▸ **Required action**
Only the pictures are to be omitted; everything else in the listing must be reproduced exactly.

▸ **Data for this exercise**
╭──

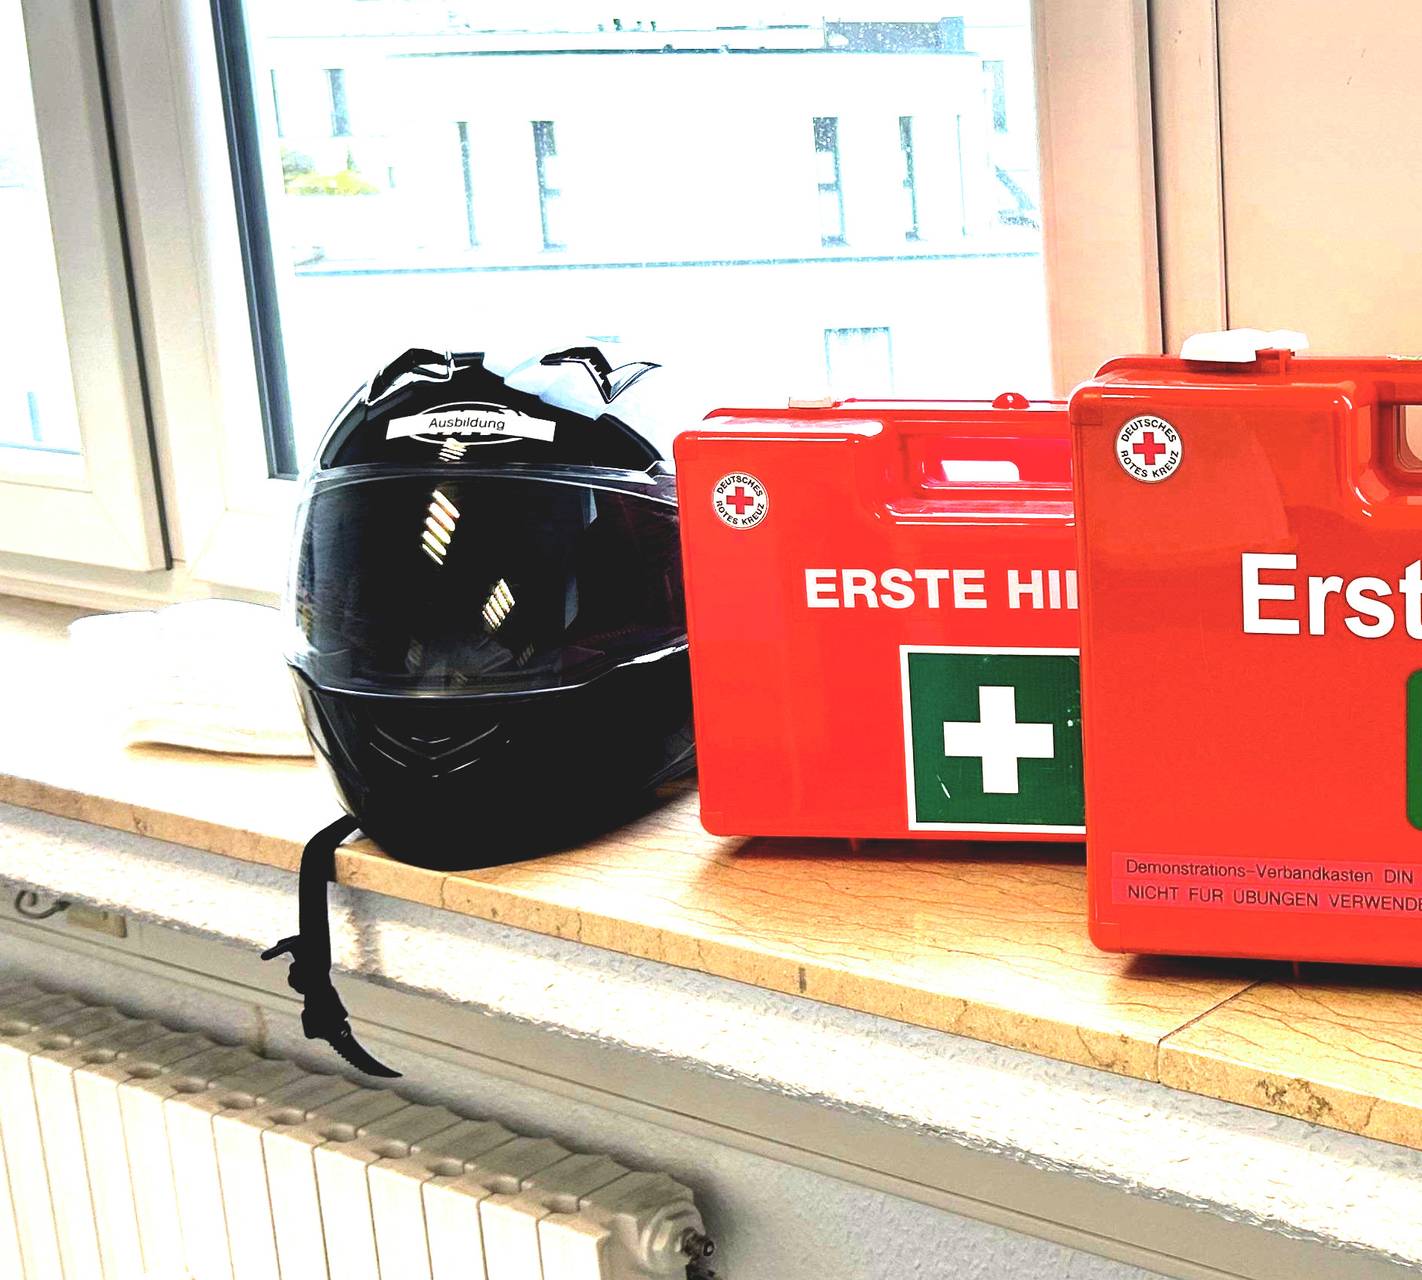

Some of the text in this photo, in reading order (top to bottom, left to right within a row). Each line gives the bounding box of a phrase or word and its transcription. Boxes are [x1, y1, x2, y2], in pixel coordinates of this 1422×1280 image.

[428, 417, 506, 431] Ausbildung
[1120, 418, 1177, 443] DEUTSCHES
[1120, 449, 1180, 478] ROTES KREUZ
[716, 475, 764, 497] DEUTSCHES
[715, 500, 765, 525] ROTES KREUZ
[804, 568, 988, 609] ERSTE
[1126, 859, 1374, 883] Demonstrations-Verbandkasten
[1384, 869, 1413, 885] DIN
[1128, 885, 1179, 901] NICHT

╰──

▸ **Reply**
Some of the text in this photo, in reading order (top to bottom, left to right within a row). Each line gives the bounding box of a phrase or word and its transcription. Boxes are [x1, y1, x2, y2], in pixel coordinates of this 1422×1280 image.

[428, 417, 506, 431] Ausbildung
[1120, 418, 1177, 443] DEUTSCHES
[1120, 449, 1180, 478] ROTES KREUZ
[716, 475, 764, 497] DEUTSCHES
[715, 500, 765, 525] ROTES KREUZ
[804, 568, 988, 609] ERSTE
[1126, 859, 1374, 883] Demonstrations-Verbandkasten
[1384, 869, 1413, 885] DIN
[1128, 885, 1179, 901] NICHT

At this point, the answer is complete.